Nous vivons l’âge du sucre sans sucre, des guerres sans guerre, du thé sans thé, des débats où tout le monde est d’accord pour que demain soit mieux qu’hier, et des procès où il faut réveiller les morts, de vrais coupables jugés depuis longtemps, pour avoir une chance de ne pas se tromper.

Si l’époque se révèle difficile à saisir, c’est à cause de tout ce qu’elle a éliminé de réel, sans arrêter de vouloir nous faire croire à la survie de sa réalité en simili. Il ne va plus rester grand-chose, si ça continue à ce train-là. Tout est certifié hypocalorique, la vie, la mort, les supposées idées, les livres, les conflits "propres" dans le Golfe, l’art, les pseudo passions, la prétendue information, les émissions.
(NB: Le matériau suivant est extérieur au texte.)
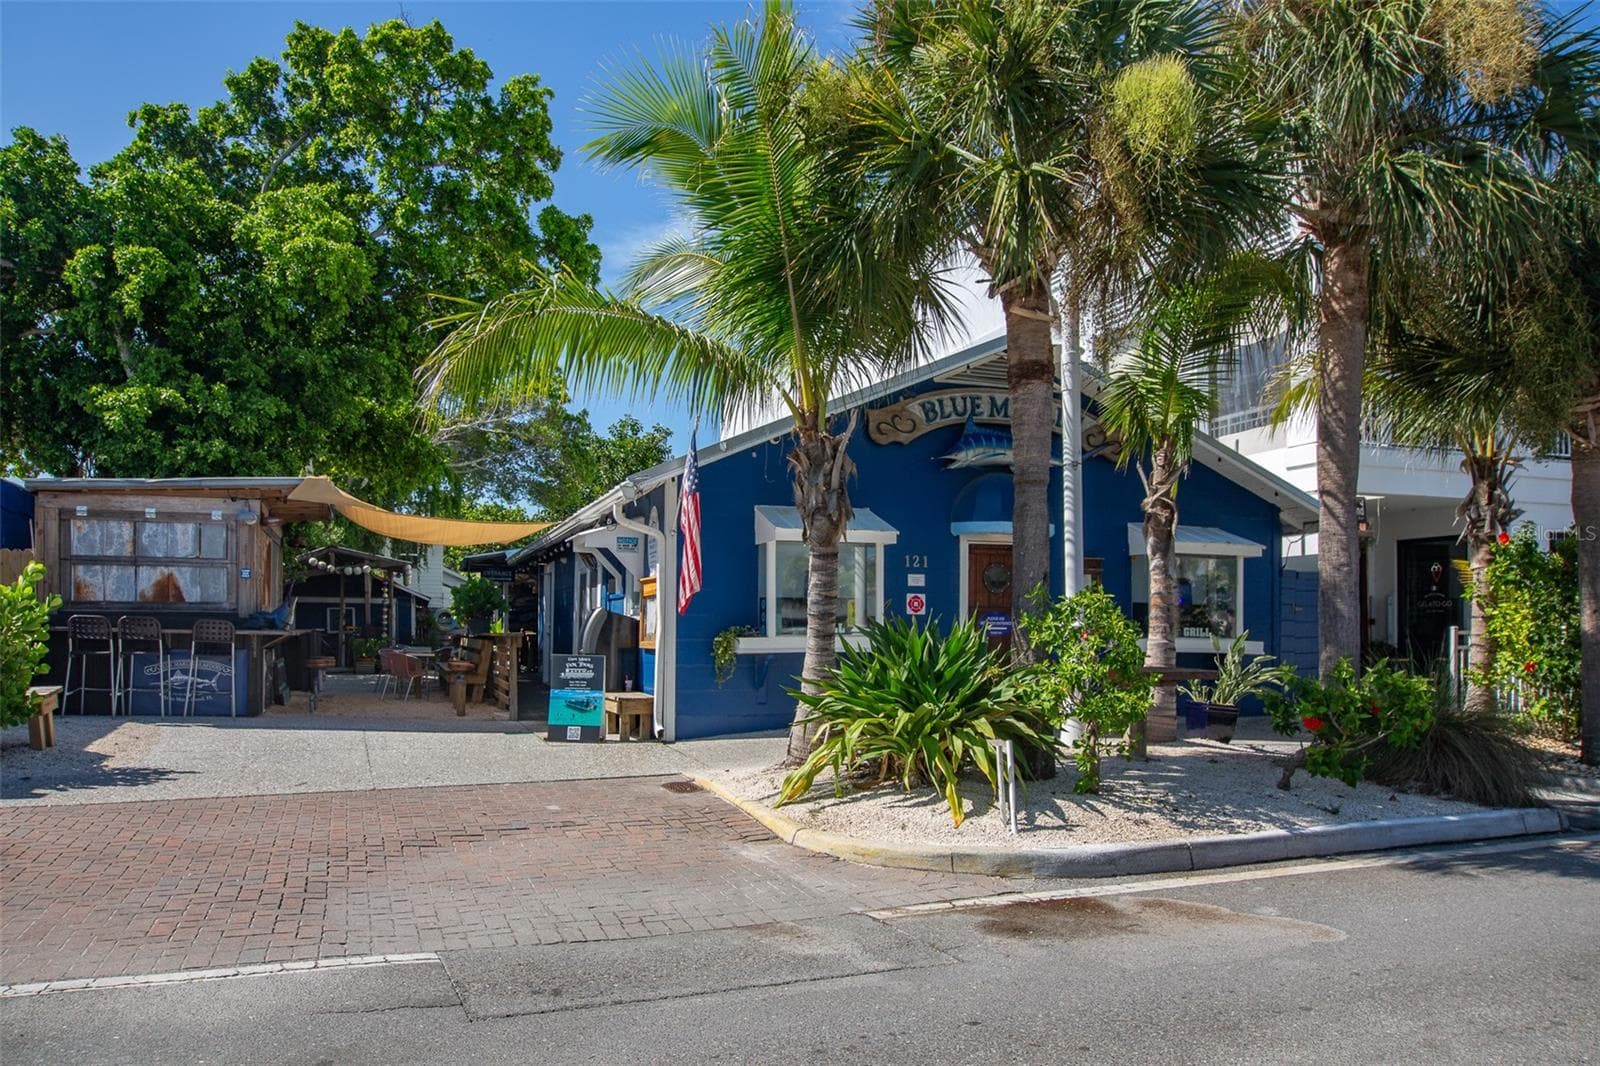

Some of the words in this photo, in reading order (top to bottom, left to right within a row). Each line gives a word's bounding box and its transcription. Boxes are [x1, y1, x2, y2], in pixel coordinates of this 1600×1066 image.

On décrète des "journées sans tabac". Pourquoi pas des années sans femmes ? Des femmes garanties sans cholestérol ? Des idéologies sans matières grasses ?
Avec quoi pourrions-nous assouvir le besoin de négatif, en nous, depuis que le négatif a été décrété hors-la-loi, si ce n’est avec les dangers du passé ? Nous sommes bien trop fragiles, désormais, bien trop privés d’immunités pour nous offrir d’autres ennemis qu’à titre vraiment très posthume. Voilà le revers de notre bien-être. Nous ne pouvons plus nous affronter qu’à des événements archivés, peignés de multiples commentaires, rediffusés cinq fois par an, mieux pétrifiés que les voies piétonnes de nos centres-villes tétanisés. Plus de surprises autres qu’organisées. Même nos haines solidement justifiées donnent l’impression d’avoir été trouvées dans des réserves naturelles pour faune et flore en grand péril.

Auteur: Muray Philippe

Info: Dans "L'empire du bien"

[ dénégation ] [ penchants obscurs ] [ édulcoré ]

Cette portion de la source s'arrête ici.